It’s getting so close to being officially Autumn and I’m so psyched!
I won’t even bother starting on how much I love this time of year because I’m afraid it’s all I’ve been talking about lately. However, I will give fair warning that I’m almost certainly going to be getting a little excited about the theme in my coming recipes.
So with these pretzels, I was thinking back to a recipe for dinner rolls that I made using pumpkin. It’s a similar idea, but let’s be honest, pretzels are way more fun. I had some different squashes that I wanted to try and both of them turned out well. One was a butternut squash and the other was an acorn squash. I preferred the butternut but the acorn squash was also very good. Pumpkin would work for these also, or any other type of squash that you might have.
Okay, and since we all know that a pretzel goes so well with a cheese dip, you should definitely consider making this “cheese” dip. I’m thinking about how much fun these would be at a Fall festival or party. Especially because these are pretty allergy friendly. Even though I don’t have a gluten allergy, I really enjoy trying out different flours in baking just to see how it turns out. These are also dairy free and vegan so just about everyone can enjoy them.
Also, if you’re wanting to make these into a fun treat you should definitely try switching out the salt with some cinnamon and sugar. Then these become like churro pretzels and they go so well in a chocolate sauce if you’re feeling extra fancy.
My little sister and I have been making a Fall bucket list of activities we want to do. Many of the items on our list are centered around a recipe, but I’m also hoping to visit a pumpkin patch and enjoy some other fun things. Tell me, what’s your favorite Autumn activity?
Embrace the Fall harvest by making these soft and delicious pretzels that are sure to fill you're house with a wonderful aroma of freshly baked bread!
- 3 cups autumn squash (any variety such as butternut or acorn), sliced or cubed
- 1 cup water
- 1 tablespoon baking powder
- 1 tablespoon active dry yeast
- 1/4 cup coconut sugar (or regular)
- 1/2 teaspoon salt
- 2 cups gluten free flour
- 3 cups oat flour
- 2 tablespoons arrowroot starch, plus more for work surface (or corn starch)
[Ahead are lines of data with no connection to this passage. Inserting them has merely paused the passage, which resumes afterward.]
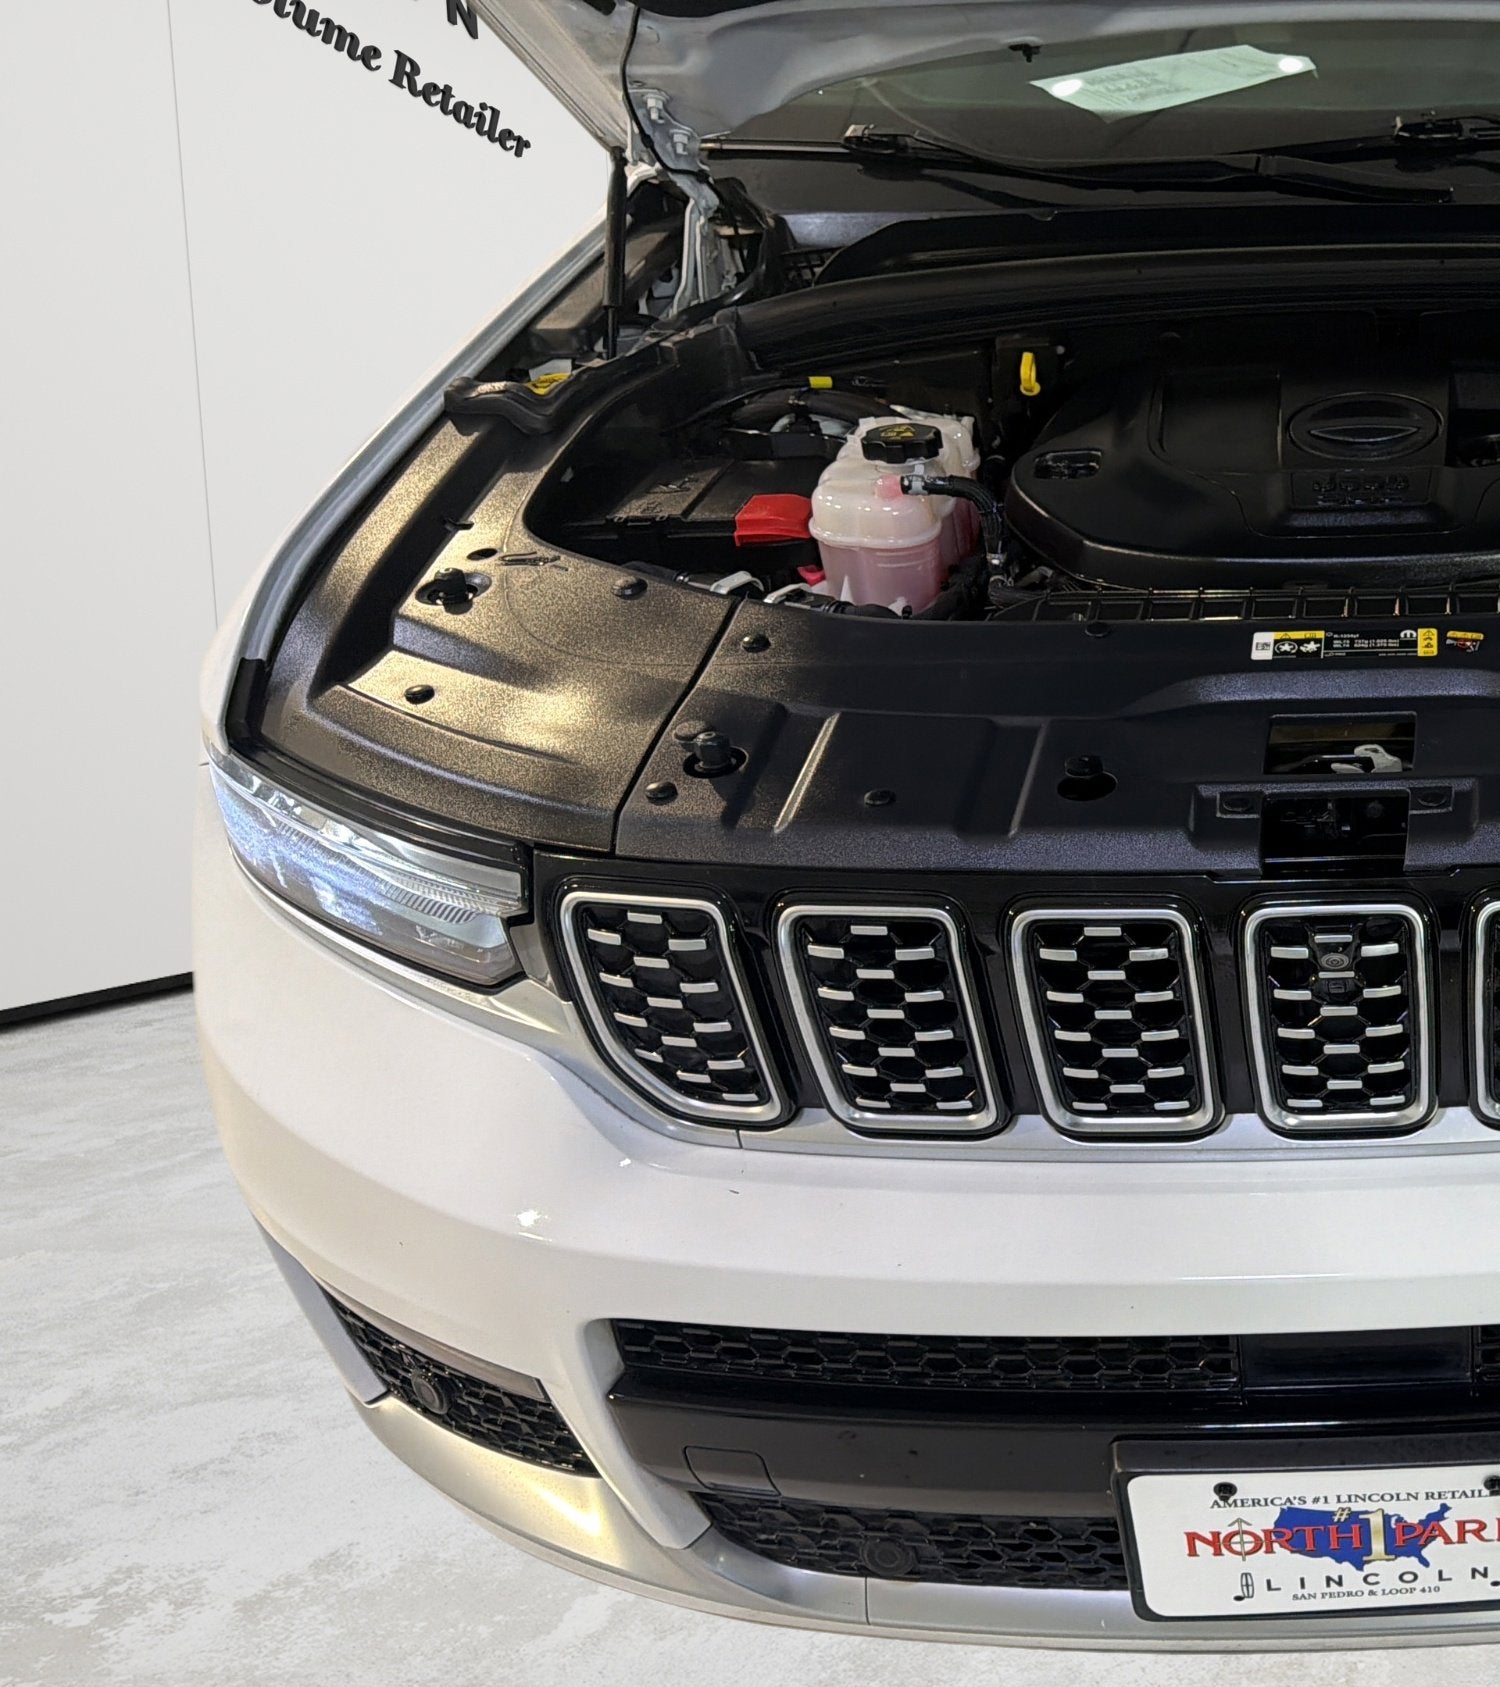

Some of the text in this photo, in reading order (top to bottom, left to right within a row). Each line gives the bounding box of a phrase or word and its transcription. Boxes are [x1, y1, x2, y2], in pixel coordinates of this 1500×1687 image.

[252, 0, 531, 158] ume Retailer
[1210, 1495, 1307, 1508] AMERICA'S
[1312, 1495, 1330, 1504] #1
[1336, 1492, 1419, 1503] LINCOLN
[1184, 1523, 1363, 1557] NORTH
[1266, 1566, 1489, 1592] LINCOLN
[1292, 1585, 1441, 1601] SAN PEDRO & LOOP 410
- 1 tablespoon baking soda
- 3 cups water
- course sea salt for topping (optional)
- Preheat oven to 375 degrees F (190 C) and line a small baking tray with foil. Pour the squash onto one of the trays and spread into an even layer. Bake, stirring about every 10 minutes, for 25 to 35 minutes or until fork tender. Remove and cool for about 15 minutes.
- Peel the skin off and place the squash in a blender or food processor and add the water. Pour in the yeast and baking powder and pulse. Add the salt and sugar then scrape mixture into a large bowl. Add 2 tablespoons of cornstarch and flour a few cups at a time and mix well after each addition. Turn dough out onto a surface lightly covered with starch and knead until it begins to come into a dough, adding more starch as needed. Set dough aside to rise for about 1 hour.
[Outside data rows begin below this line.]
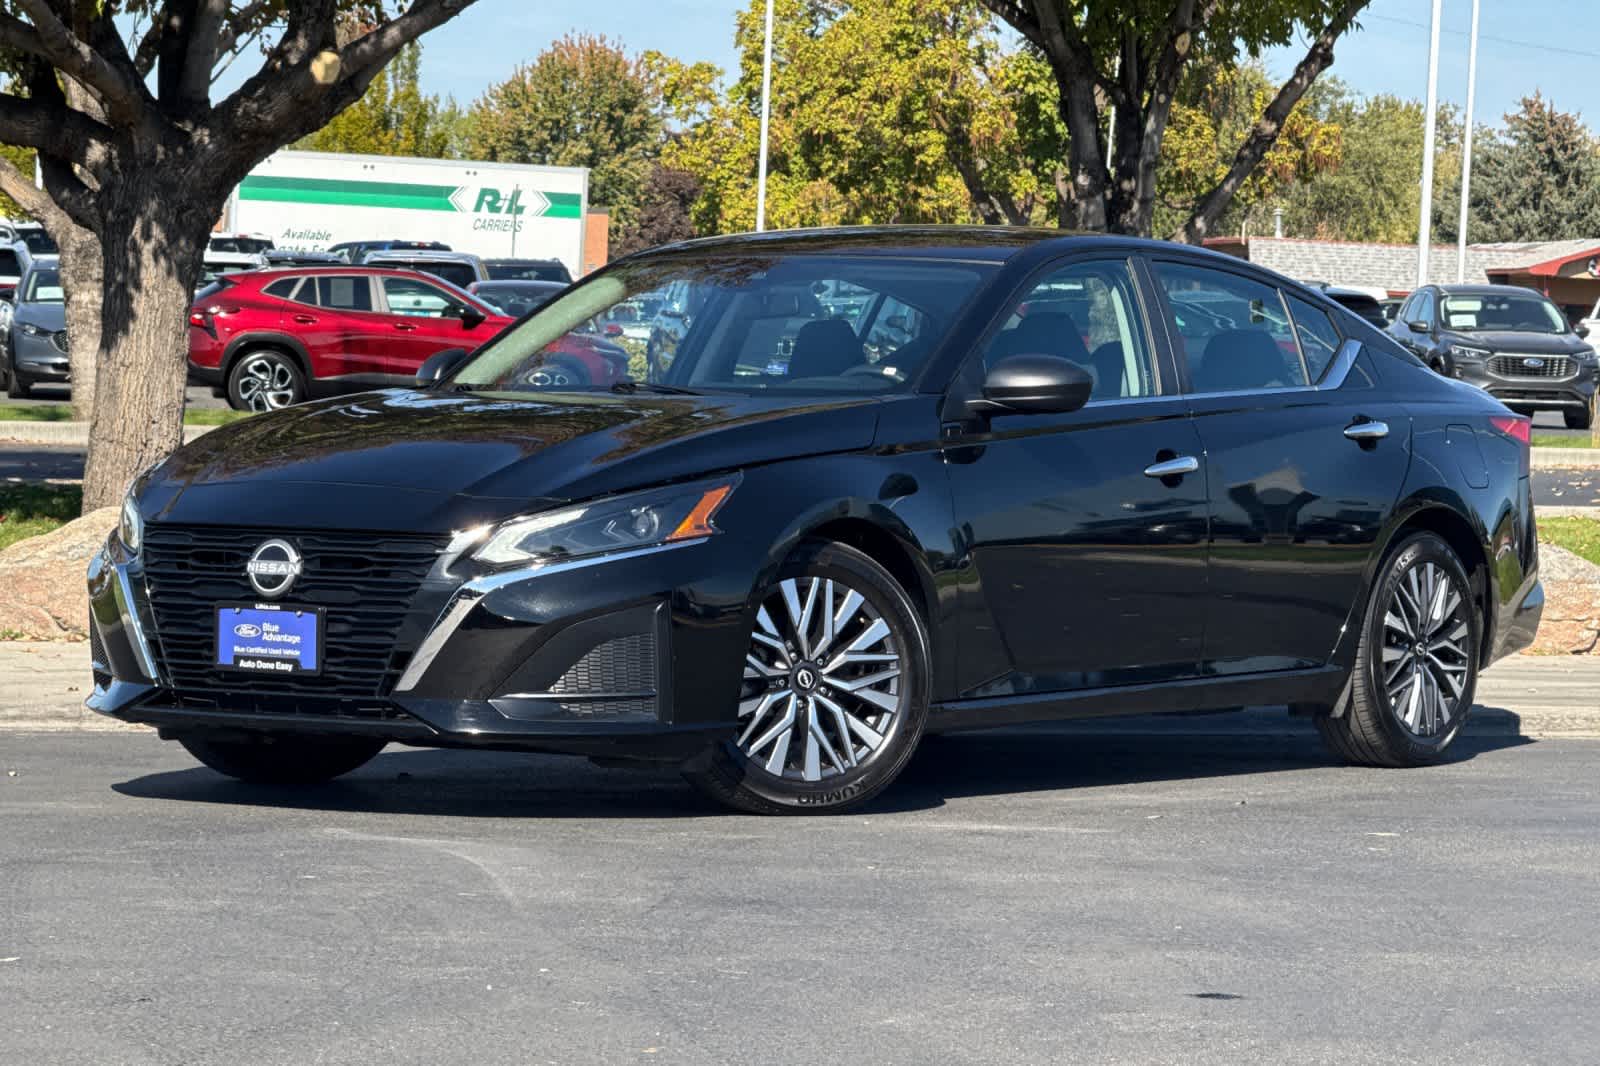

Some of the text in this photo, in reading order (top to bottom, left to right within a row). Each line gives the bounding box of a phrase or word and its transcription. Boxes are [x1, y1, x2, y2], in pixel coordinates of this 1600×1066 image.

[281, 228, 332, 240] Available
[247, 562, 301, 575] NISSAN
[262, 623, 279, 632] Blue
[262, 632, 300, 644] Advantage
[239, 660, 293, 672] Auto Done Easy
[798, 780, 867, 804] KUMHO
- Now preheat oven to 400 degrees F (200 C) and line 2 baking trays with parchment or silicone pads.
- Combine baking soda and water in a medium pot and bring to a boil. Once boiling, remove from heat. Knead dough for a few minutes again then divide into balls, about 14. Form the balls into snakes and twist into pretzels. Brush water on the spot where the ends meet the base and press down lightly to stick.
- Lay them about an inch apart on baking trays. Now dip each one in the hot soda water and place back on tray. If desired, sprinkle with sea salt
- Bake for 10 - 12 minutes until the pretzels have puffed and outside is golden.